Q: What do you feel is your responsibility as a board trustee to hiring practices in the district?
MALLON: I feel I would follow the recommendation of the administrators(professionals) that possess the experience and knowledge to choose the best, most qualified candidate for the position.
MURPHY: Hiring practices should be relegated to the human resource department and administration.
SMITH: I look forward to making sure the hiring processes are thorough, fair, and foster diversity. Everyone employed in our district has an important role to play in our children's development, and the hiring processes should reflect that.

Q: (From the Islip NAACP) How do you define critical race theory? How do you feel critical race theory relates to school Connetquot policy and curriculum?
: I have become aware of critical race theory in the last couple of days. Critical race theory is a complex, multi-faceted movement of civil-rights scholars and activists who seek to critically examine the law as it intersects with issues of race and to challenge mainstream liberal approaches to racial justice. It seeks to understand and address inequality and racism in the US.
I feel that Critical Race Theory is a complex subject matter for a more mature audience and is best suited to be taught at a collegiate level.
MURPHY: Critical race theory is a movement of civil-rights scholars and activists who seek to critically examine the law as it intersects with issues of race and to challenge mainstream liberal approaches to racial justice. It seeks to understand and address inequality and racism in the US.
It is a complex subject and is not suited for k-12 students.
SMITH: "Crenshaw—who coined the term “CRT”—notes that CRT is not a noun, but a verb. It cannot be confined to a static and narrow definition but is considered to be an evolving and malleable practice... CRT recognizes that racism is not a bygone relic of the past. Instead, it acknowledges that the legacy of slavery, segregation, and the imposition of second-class citizenship on Black Americans and other people of color continue to permeate the social fabric of this nation." - American Bar Association. This is my understanding of the topic.
We need to be giving students the space to realize that everyone's experiences in this world are vastly different, and there are reasons for that. I fondly remember reading some very perspective altering pieces in my senior year, including "Black Men and Public Space" by Brent Staples.

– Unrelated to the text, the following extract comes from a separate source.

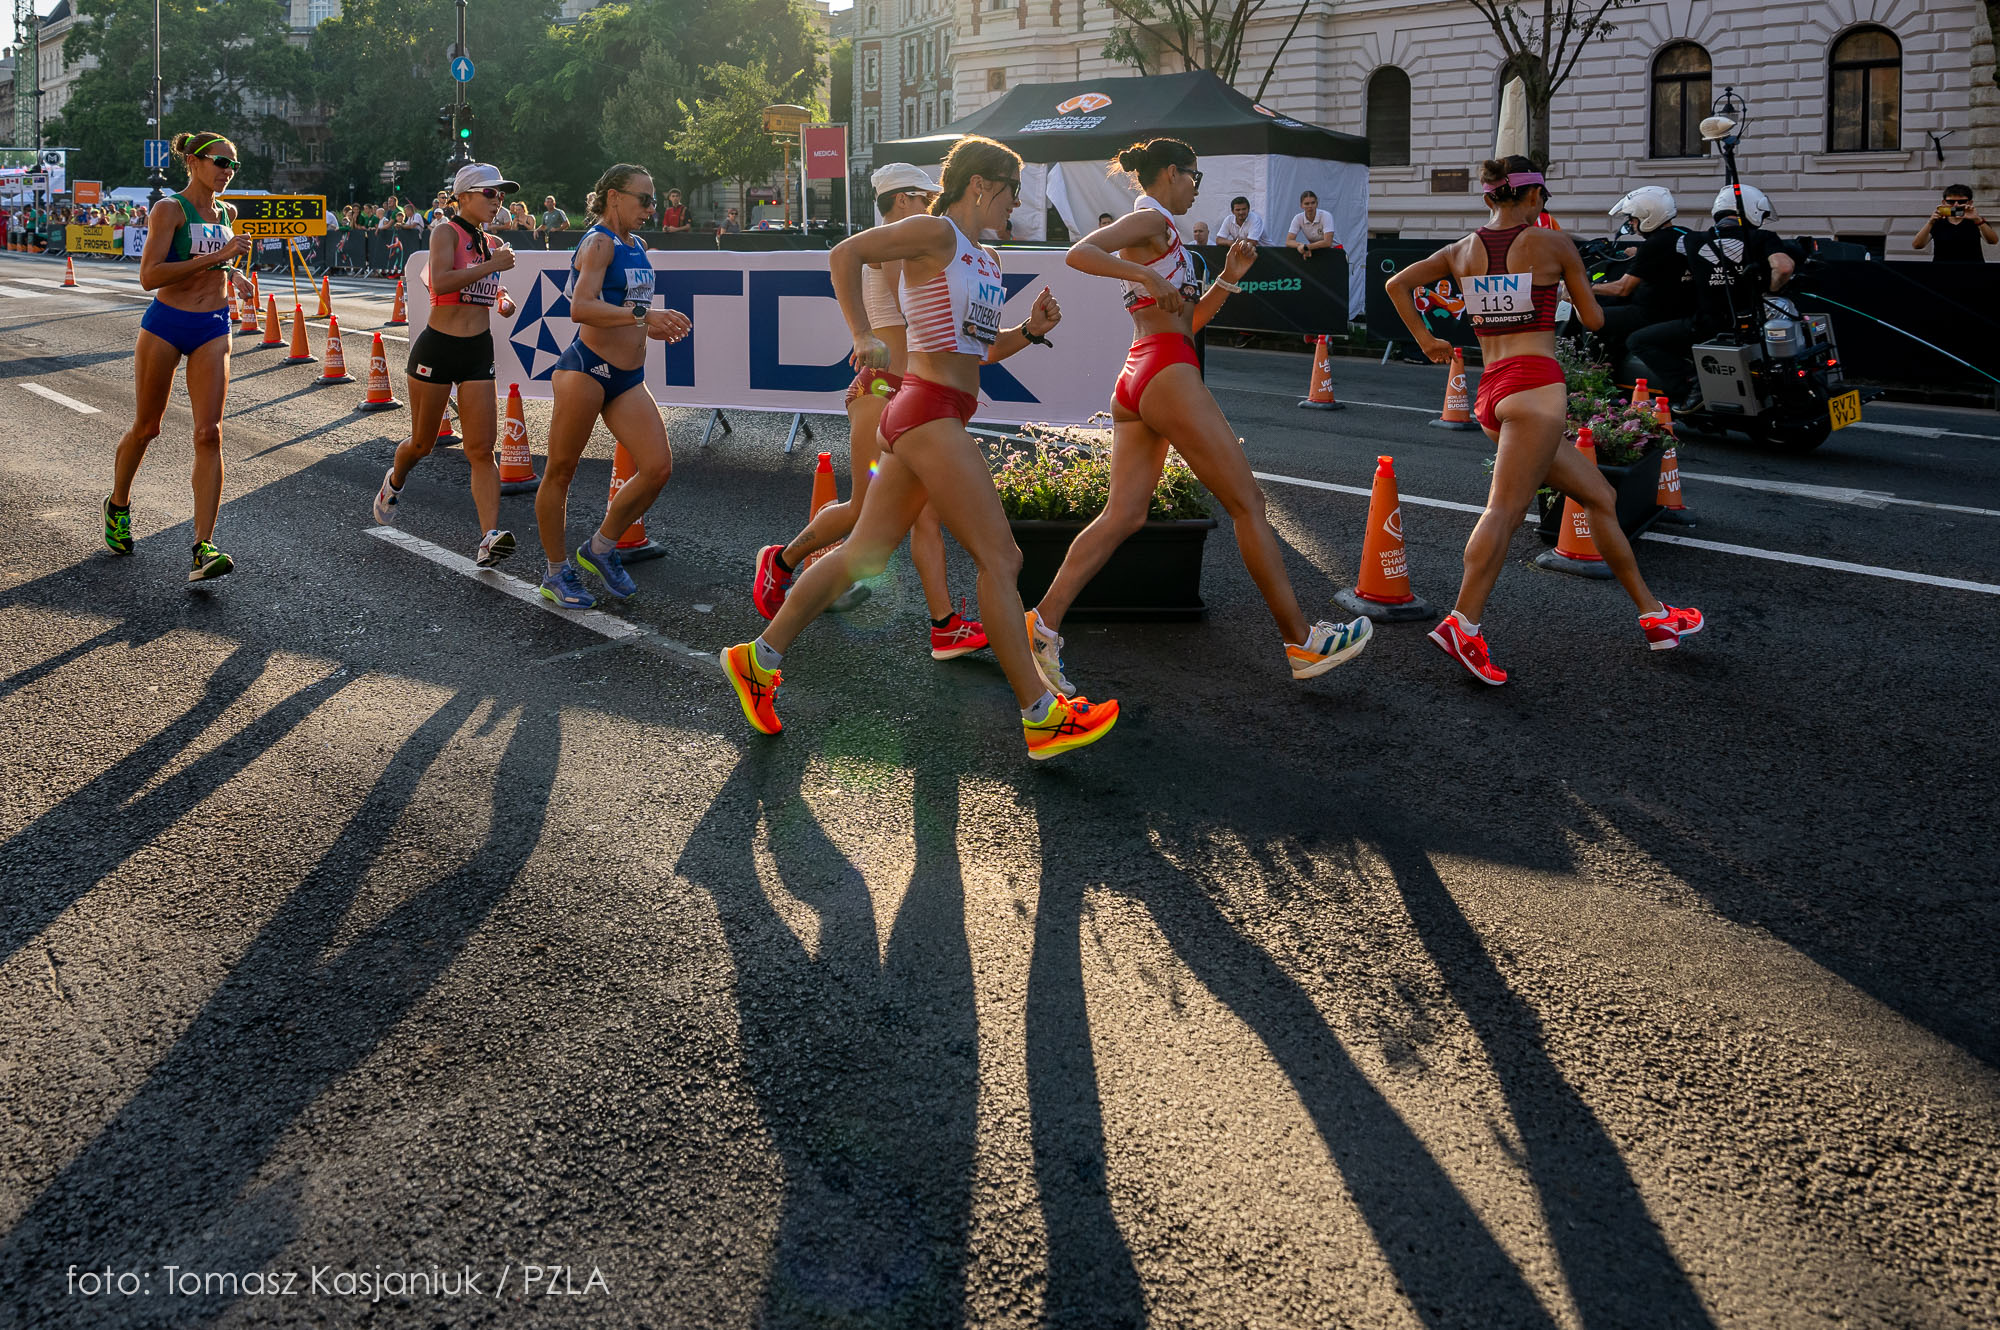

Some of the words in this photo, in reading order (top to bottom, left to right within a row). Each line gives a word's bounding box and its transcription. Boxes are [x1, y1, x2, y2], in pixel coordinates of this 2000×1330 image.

Q: (From the Islip NAACP) The 2019 Hofstra study on teacher diversity on LI’s public schools indicated that our teacher workforce on Long Island does not reflect the diversity of Long Island’s student body. What do you feel is the role of the Board of Education in fair hiring practices? Do you have a strategy to recruit and retain teachers and administrators of color?
MALLON: I feel I would follow the recommendation of the administrators(professionals) that possess the experience and knowledge to choose the best, most qualified candidate for the position.
I believe that the recruitment process is the responsibility of the superintendent and her cabinet.
MURPHY: I feel the administration and human resource department is better qualified to search for and select the most qualified candidate for the position.
Board members are not tasked to develop a strategy to recruit and retain teachers or administrators.
SMITH: If our desire is to prepare our children for the "real world," diversity is key. Our community is so diverse with rich cultures, and the district employees should reflect that.
A good place to start would be taking a look at where job listings are posted, how long they are up, and where they are advertised. A team effort should be utilized when coming up with a strategy to recruit and retain teachers and administrators of color, if possible. This is something I would happily come up with a framework for and present to the board for feedback, given the opportunity. 

Editor's Note: Warshaw could not be reached for comment as of press time and was regrettably, denied an extension. Also, a question about litigation was removed due its irrelevance to the election.
As of Monday May 17, this story has been updated to reflect additional comments from Warshaw.